**ASSIGNED TASK**
Output the data below exactly, images excluded.

**Spatial localization data**
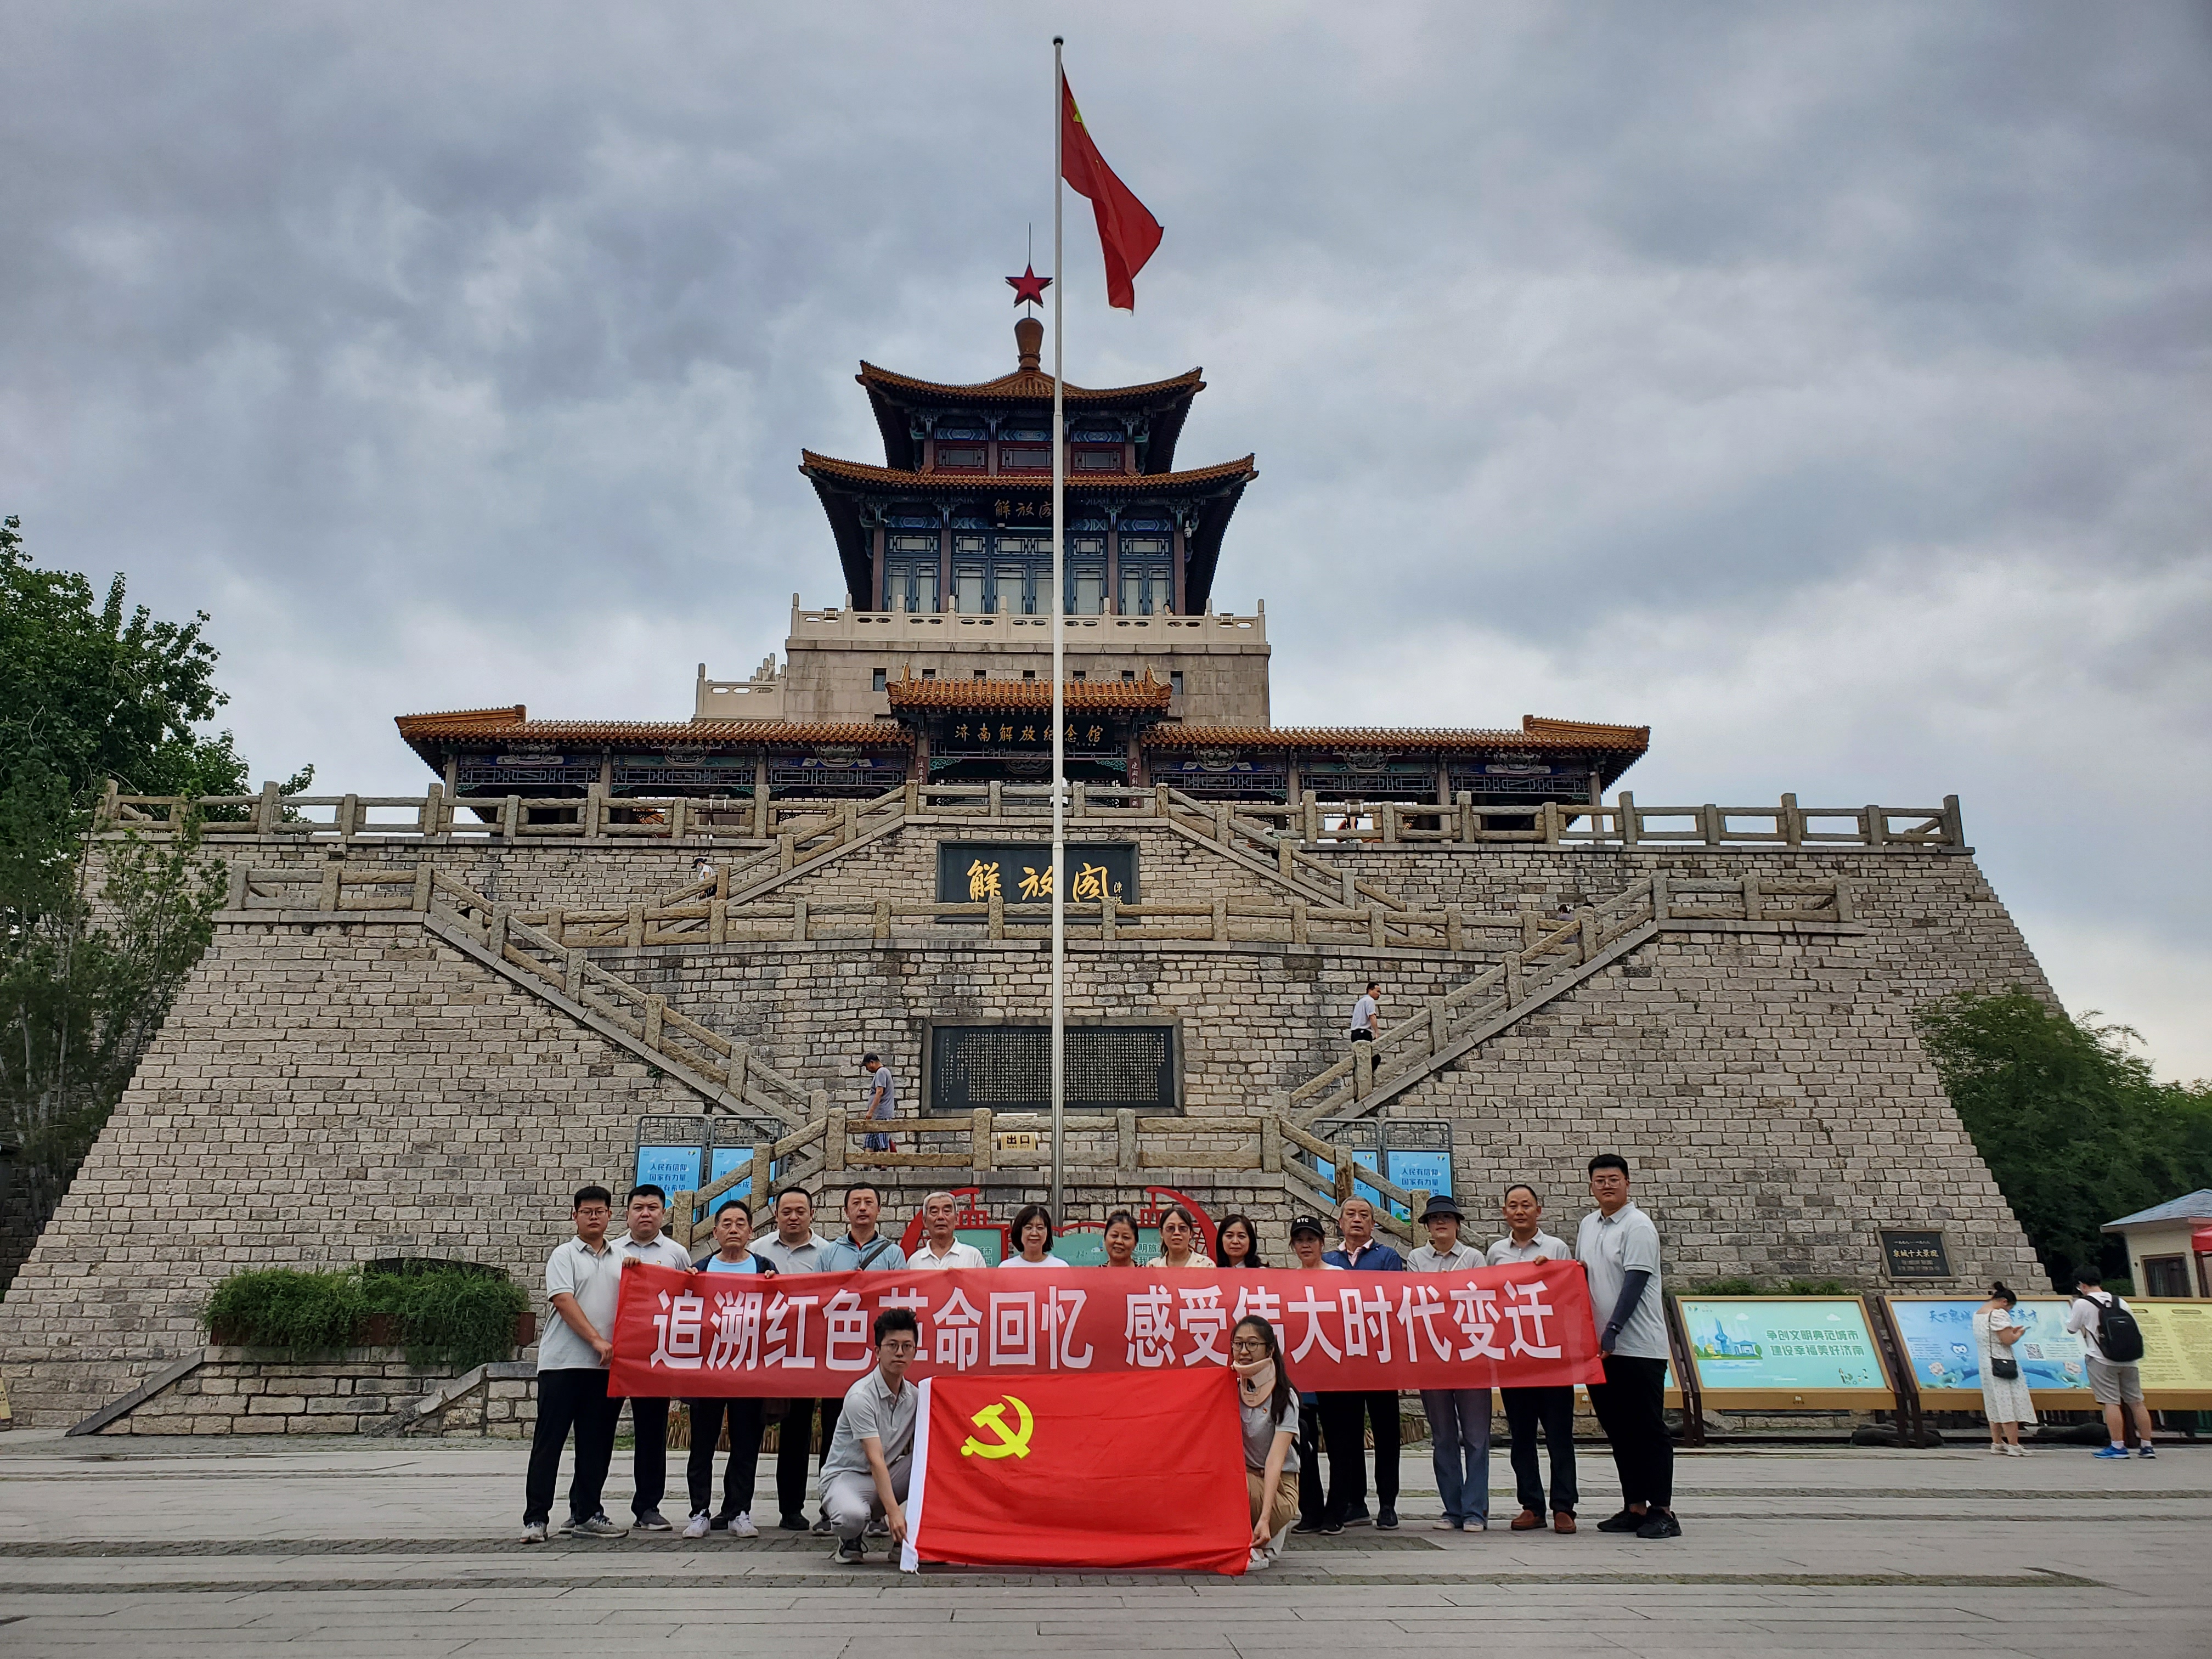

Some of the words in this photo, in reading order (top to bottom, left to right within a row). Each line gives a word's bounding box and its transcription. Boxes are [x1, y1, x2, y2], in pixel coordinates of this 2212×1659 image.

[955, 723, 1103, 743] 济南解放纪念馆
[967, 859, 1109, 902] 解放阁
[1007, 1134, 1030, 1144] 出口
[650, 1163, 687, 1171] 人民有信仰
[1135, 1243, 1160, 1253] 明旅
[1125, 1280, 1562, 1367] 感受伟大时代变迁
[1767, 1330, 1859, 1341] 争创文明典范城市
[1770, 1345, 1865, 1356] 建设幸福美好济南

**COMPLETED TASK**
Some of the words in this photo, in reading order (top to bottom, left to right within a row). Each line gives a word's bounding box and its transcription. Boxes are [x1, y1, x2, y2], in pixel coordinates of this 2212×1659 image.

[955, 723, 1103, 743] 济南解放纪念馆
[967, 859, 1109, 902] 解放阁
[1007, 1134, 1030, 1144] 出口
[650, 1163, 687, 1171] 人民有信仰
[1135, 1243, 1160, 1253] 明旅
[1125, 1280, 1562, 1367] 感受伟大时代变迁
[1767, 1330, 1859, 1341] 争创文明典范城市
[1770, 1345, 1865, 1356] 建设幸福美好济南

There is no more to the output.